*** Opening of Working data ***
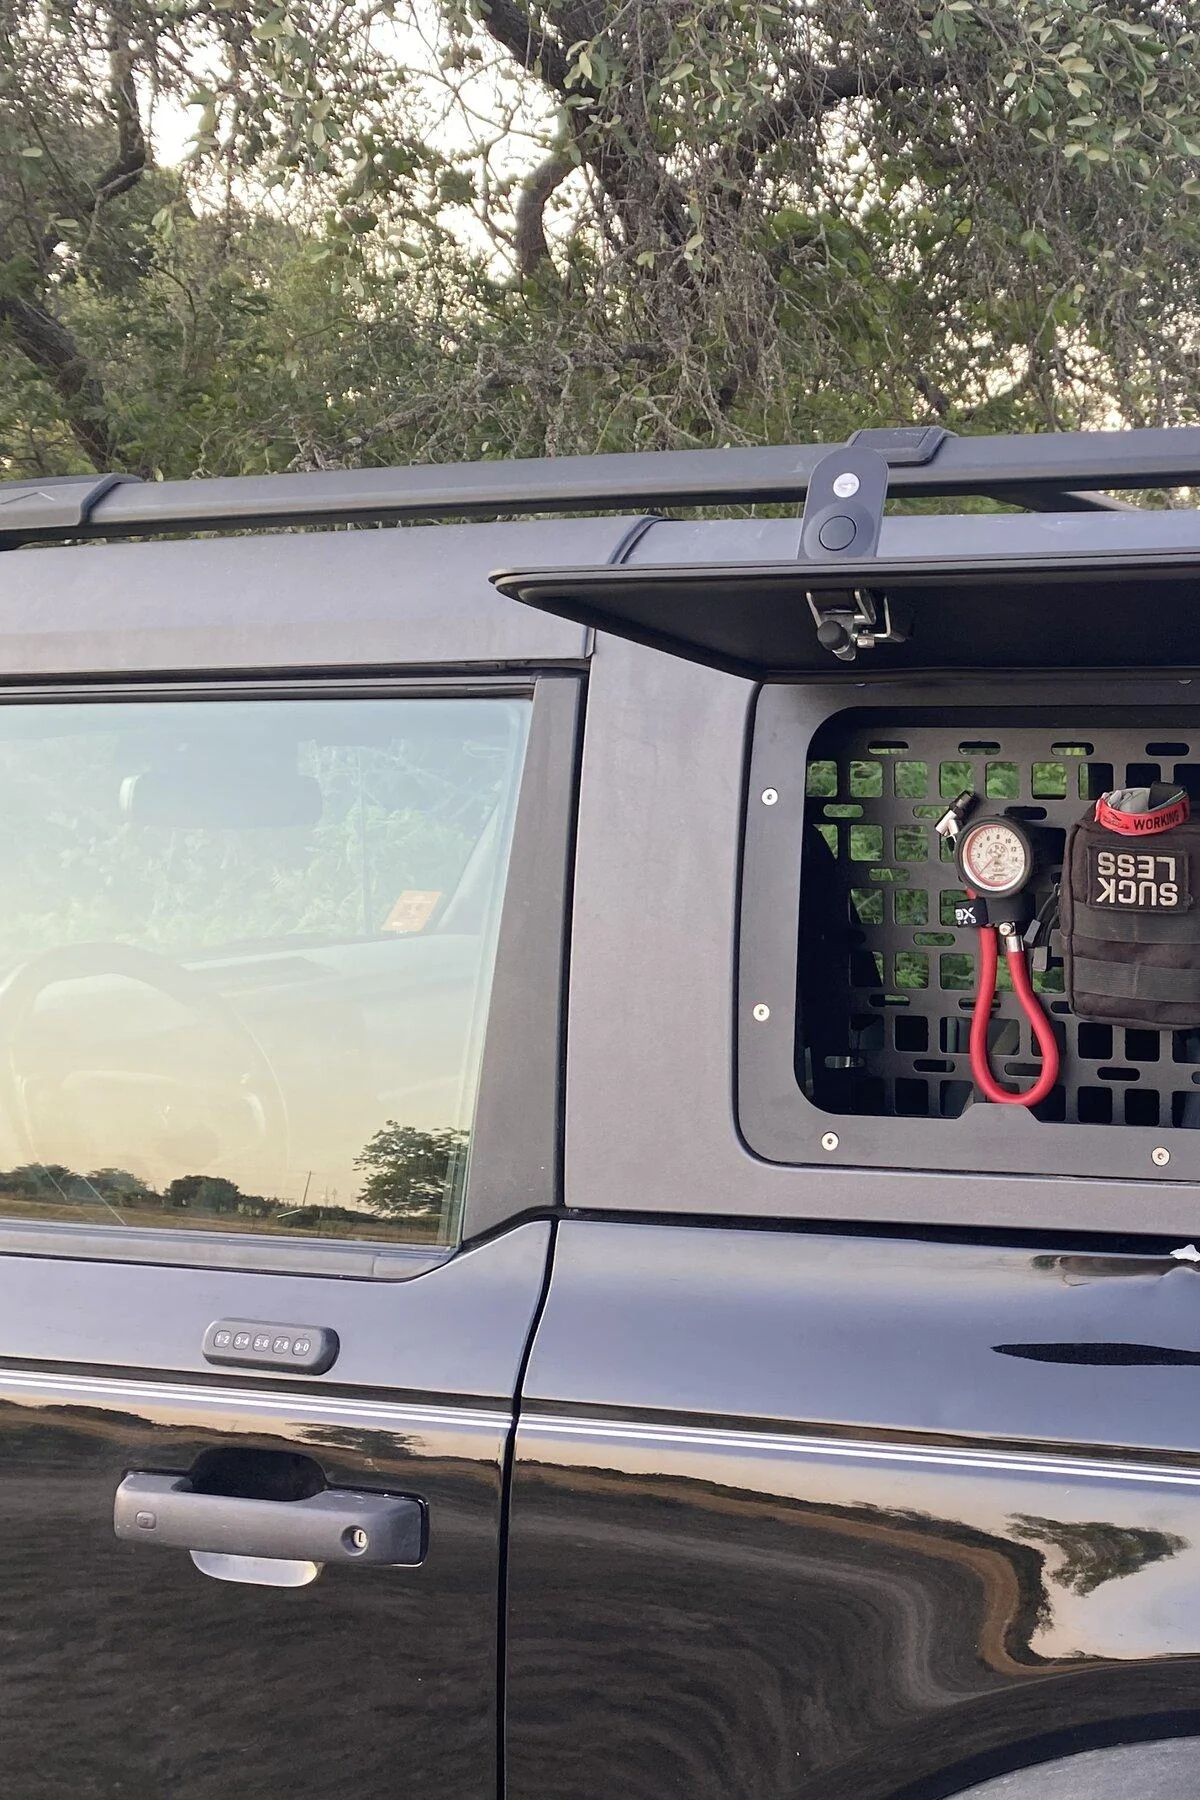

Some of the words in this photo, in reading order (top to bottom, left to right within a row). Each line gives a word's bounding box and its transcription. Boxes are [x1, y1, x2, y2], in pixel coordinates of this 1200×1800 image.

[1133, 811, 1179, 831] WORKING
[1097, 851, 1176, 881] LESS
[1096, 877, 1178, 906] SUCK
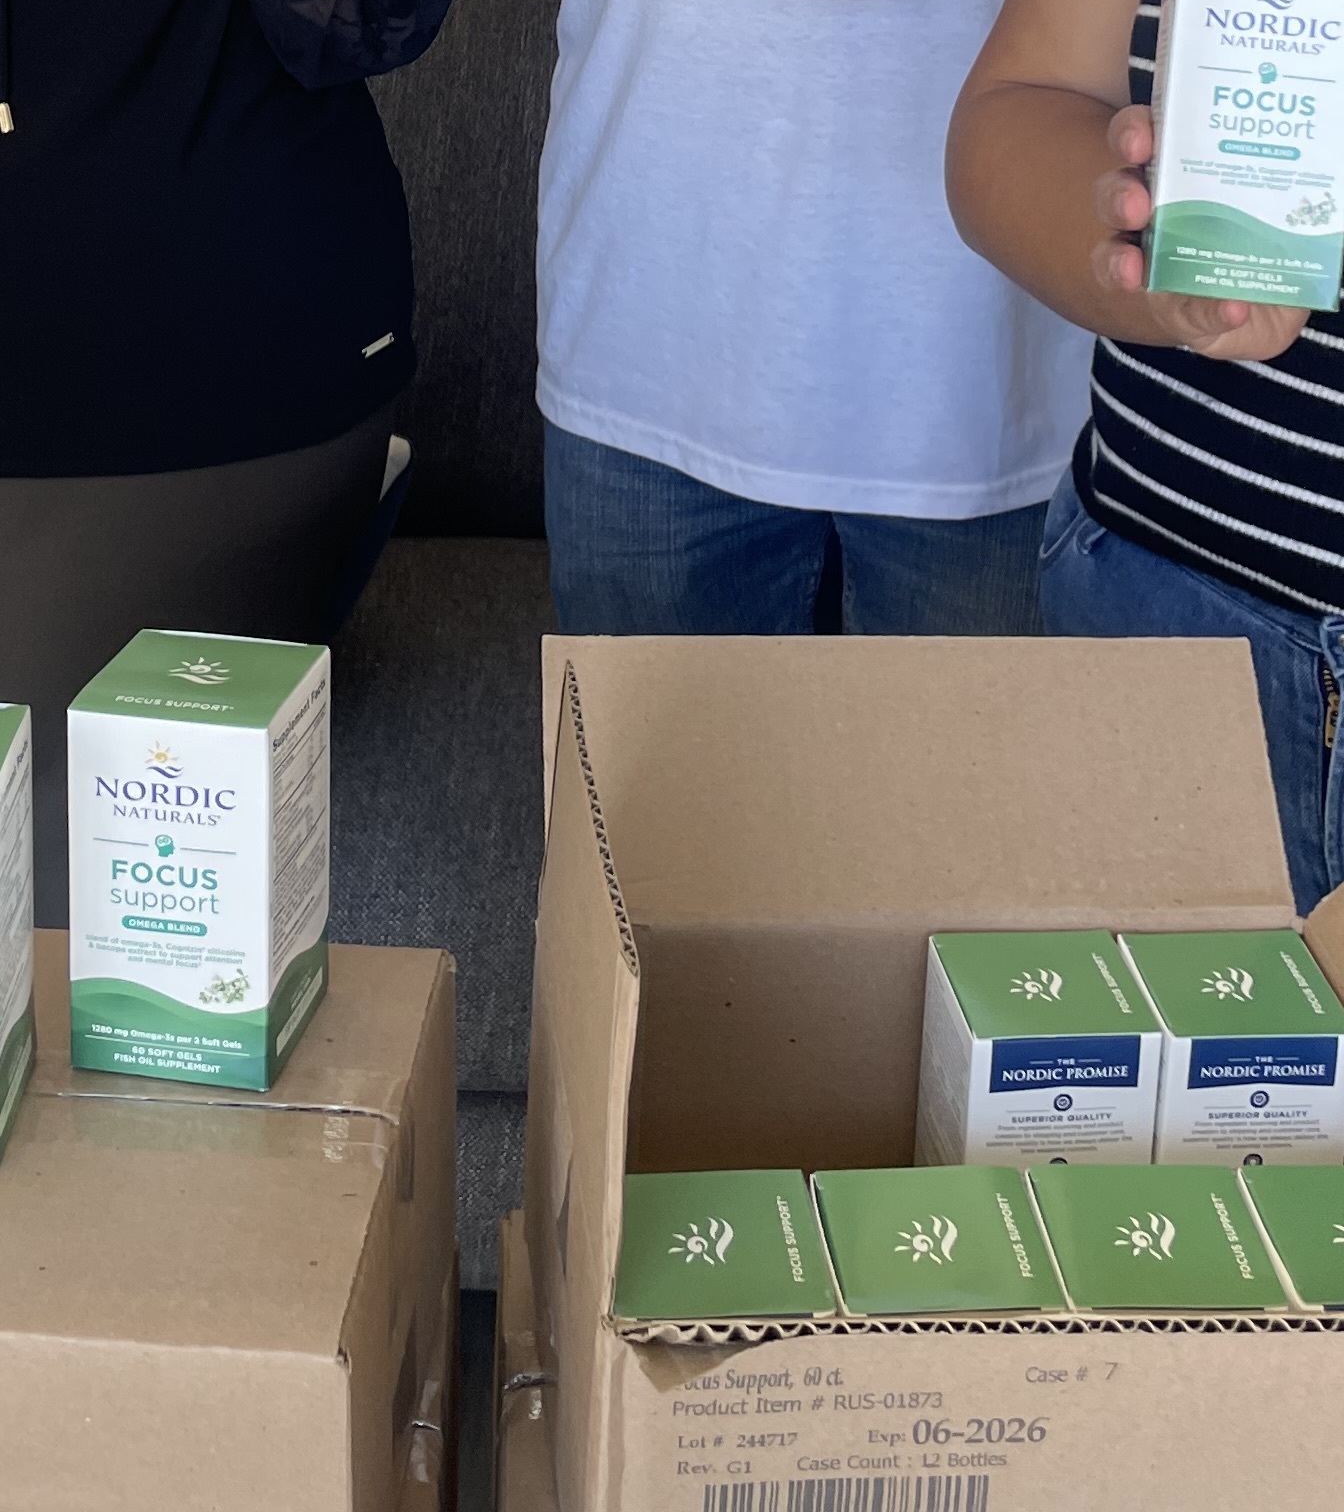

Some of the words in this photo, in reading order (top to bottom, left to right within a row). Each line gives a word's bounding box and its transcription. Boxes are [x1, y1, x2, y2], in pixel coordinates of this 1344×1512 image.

[1205, 7, 1342, 41] NORDIC
[1220, 33, 1324, 56] NATURALS
[1212, 85, 1316, 117] FOCUS
[1209, 112, 1316, 139] support
[115, 695, 161, 706] FOCUS
[165, 699, 230, 711] SUPPORT
[95, 776, 236, 810] NORDIC
[113, 804, 219, 826] NATURALS
[111, 859, 218, 890] FOCUS
[110, 888, 219, 915] support
[128, 918, 165, 930] OMEGA
[167, 923, 201, 934] BLEND
[114, 1053, 136, 1063] FISH
[138, 1056, 154, 1066] OIL
[157, 1058, 221, 1073] SUPPLEMENT
[132, 1046, 145, 1055] 60
[148, 1048, 174, 1058] SOFT
[177, 1051, 202, 1061] GELS
[1002, 1068, 1063, 1082] NORDIC
[1066, 1065, 1129, 1080] PROMISE
[1200, 1065, 1260, 1079] NORDIC
[1263, 1064, 1326, 1077] PROMISE
[1011, 1114, 1064, 1124] SUPERIOR
[1067, 1112, 1112, 1122] QUALITY
[1208, 1111, 1260, 1119] SUPERIOR
[1264, 1110, 1308, 1119] QUALITY
[777, 1196, 797, 1247] SUPPORT
[996, 1193, 1023, 1243] SUPPORT
[1211, 1194, 1239, 1243] SUPPORT
[787, 1247, 805, 1283] FOCUS
[1010, 1241, 1034, 1278] FOCUS
[1231, 1244, 1254, 1280] FOCUS
[725, 1369, 794, 1395] Support,
[803, 1366, 822, 1386] 60
[826, 1367, 844, 1386] ct.
[1025, 1366, 1069, 1383] Case
[1075, 1366, 1088, 1382] #
[1105, 1362, 1118, 1380] 7
[673, 1399, 749, 1416] Product
[755, 1397, 802, 1414] Item
[811, 1395, 824, 1411] #
[833, 1391, 943, 1410] RUS-01873
[678, 1435, 706, 1449] Lot
[713, 1435, 723, 1447] #
[736, 1432, 798, 1448] 244717
[868, 1429, 906, 1447] Exp:
[912, 1416, 1050, 1445] 06-2026
[677, 1460, 717, 1475] Rev.
[726, 1460, 752, 1474] G1
[797, 1455, 841, 1471] Case
[847, 1453, 900, 1470] Count
[947, 1451, 1007, 1467] Bottles
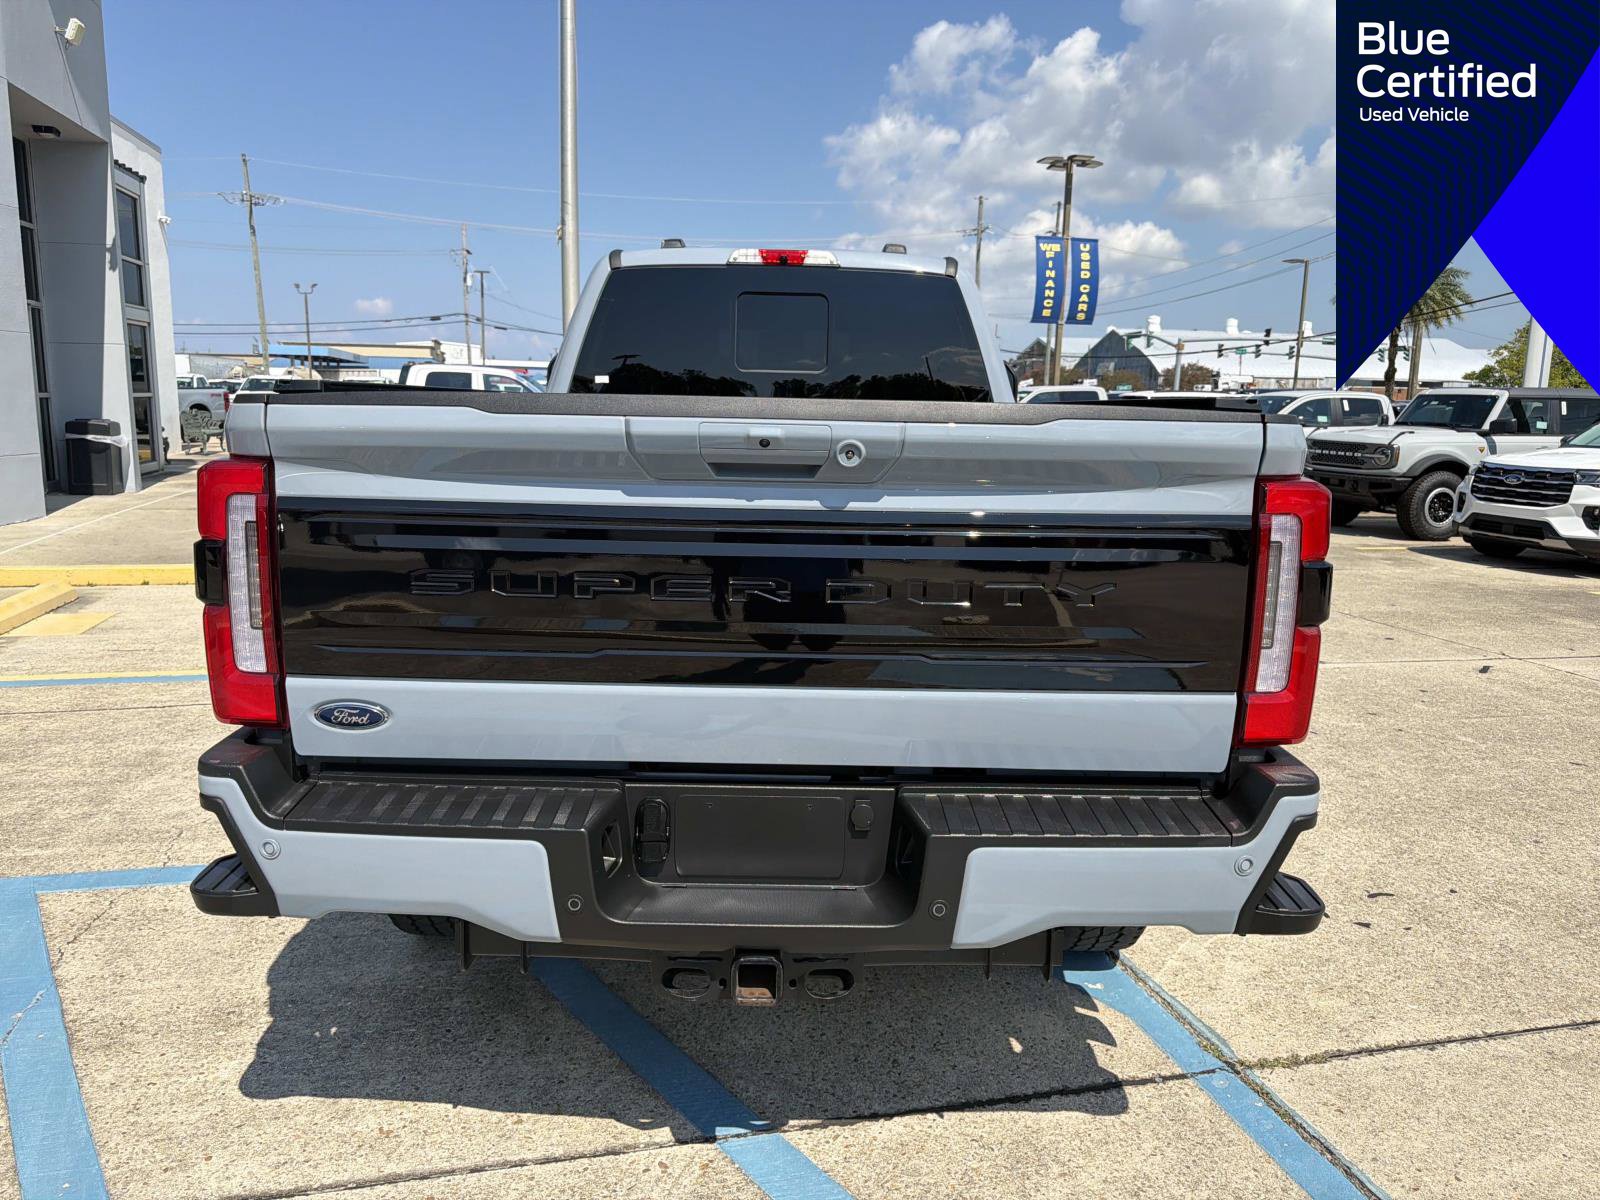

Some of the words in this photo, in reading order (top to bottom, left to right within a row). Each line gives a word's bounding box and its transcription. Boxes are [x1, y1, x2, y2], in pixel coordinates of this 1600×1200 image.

[1039, 243, 1061, 252] WE
[1079, 243, 1091, 279] USED
[1042, 251, 1056, 317] FINANCE
[1075, 284, 1091, 320] CARS
[408, 568, 793, 602] SUPER
[825, 579, 1118, 608] DUTY
[331, 708, 370, 724] Ford
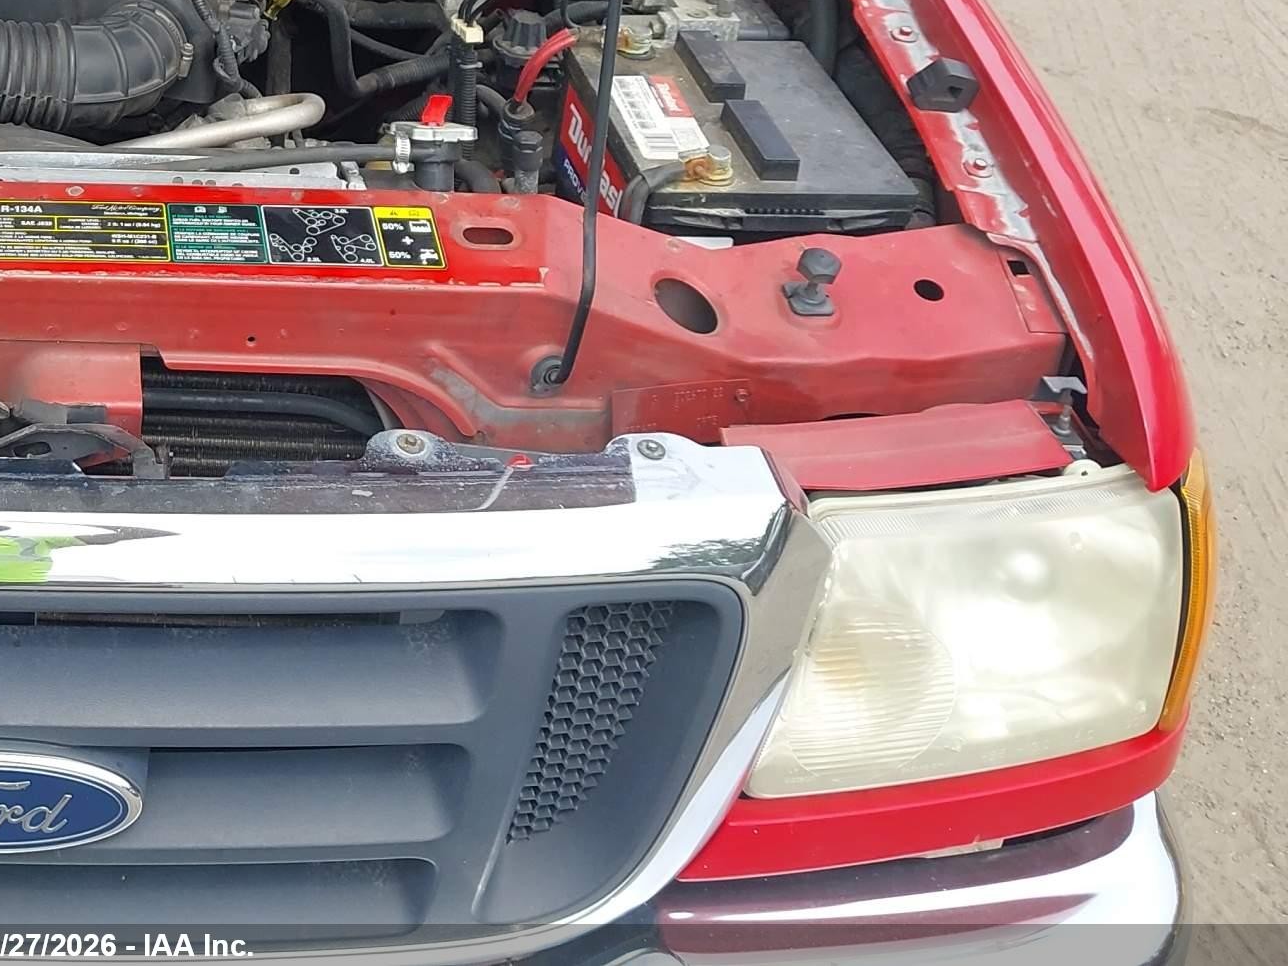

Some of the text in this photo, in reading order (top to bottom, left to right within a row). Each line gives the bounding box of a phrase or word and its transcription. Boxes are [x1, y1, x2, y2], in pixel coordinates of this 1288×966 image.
*** Close of Working data ***
What the exercise asks: Be exact. Write out all the entries and omit the pictures.

Written answer:
Some of the words in this photo, in reading order (top to bottom, left to right within a row). Each line gives a word's bounding box and its transcription. Boxes are [x1, y1, x2, y2], in pixel coordinates of this 1200×1800 image.

[1133, 811, 1179, 831] WORKING
[1097, 851, 1176, 881] LESS
[1096, 877, 1178, 906] SUCK

Some of the words in this photo, in reading order (top to bottom, left to right within a row). Each line gives a word's bounding box and its transcription. Boxes are [x1, y1, x2, y2], in pixel coordinates of this 1344×1512 image.

[1205, 7, 1342, 41] NORDIC
[1220, 33, 1324, 56] NATURALS
[1212, 85, 1316, 117] FOCUS
[1209, 112, 1316, 139] support
[115, 695, 161, 706] FOCUS
[165, 699, 230, 711] SUPPORT
[95, 776, 236, 810] NORDIC
[113, 804, 219, 826] NATURALS
[111, 859, 218, 890] FOCUS
[110, 888, 219, 915] support
[128, 918, 165, 930] OMEGA
[167, 923, 201, 934] BLEND
[114, 1053, 136, 1063] FISH
[138, 1056, 154, 1066] OIL
[157, 1058, 221, 1073] SUPPLEMENT
[132, 1046, 145, 1055] 60
[148, 1048, 174, 1058] SOFT
[177, 1051, 202, 1061] GELS
[1002, 1068, 1063, 1082] NORDIC
[1066, 1065, 1129, 1080] PROMISE
[1200, 1065, 1260, 1079] NORDIC
[1263, 1064, 1326, 1077] PROMISE
[1011, 1114, 1064, 1124] SUPERIOR
[1067, 1112, 1112, 1122] QUALITY
[1208, 1111, 1260, 1119] SUPERIOR
[1264, 1110, 1308, 1119] QUALITY
[777, 1196, 797, 1247] SUPPORT
[996, 1193, 1023, 1243] SUPPORT
[1211, 1194, 1239, 1243] SUPPORT
[787, 1247, 805, 1283] FOCUS
[1010, 1241, 1034, 1278] FOCUS
[1231, 1244, 1254, 1280] FOCUS
[725, 1369, 794, 1395] Support,
[803, 1366, 822, 1386] 60
[826, 1367, 844, 1386] ct.
[1025, 1366, 1069, 1383] Case
[1075, 1366, 1088, 1382] #
[1105, 1362, 1118, 1380] 7
[673, 1399, 749, 1416] Product
[755, 1397, 802, 1414] Item
[811, 1395, 824, 1411] #
[833, 1391, 943, 1410] RUS-01873
[678, 1435, 706, 1449] Lot
[713, 1435, 723, 1447] #
[736, 1432, 798, 1448] 244717
[868, 1429, 906, 1447] Exp:
[912, 1416, 1050, 1445] 06-2026
[677, 1460, 717, 1475] Rev.
[726, 1460, 752, 1474] G1
[797, 1455, 841, 1471] Case
[847, 1453, 900, 1470] Count
[947, 1451, 1007, 1467] Bottles

Some of the words in this photo, in reading order (top to bottom, left to right within a row). Each line gives a word's bounding box and its transcription. Boxes are [x1, y1, x2, y2], in pixel coordinates of this 1600×1200 image.

[1039, 243, 1061, 252] WE
[1079, 243, 1091, 279] USED
[1042, 251, 1056, 317] FINANCE
[1075, 284, 1091, 320] CARS
[408, 568, 793, 602] SUPER
[825, 579, 1118, 608] DUTY
[331, 708, 370, 724] Ford

Some of the text in this photo, in reading order (top to bottom, left to right within a row). Each line gives the bounding box of a phrase or word and its transcription. Boxes are [x1, y1, x2, y2], in pixel coordinates of this 1288×966 image.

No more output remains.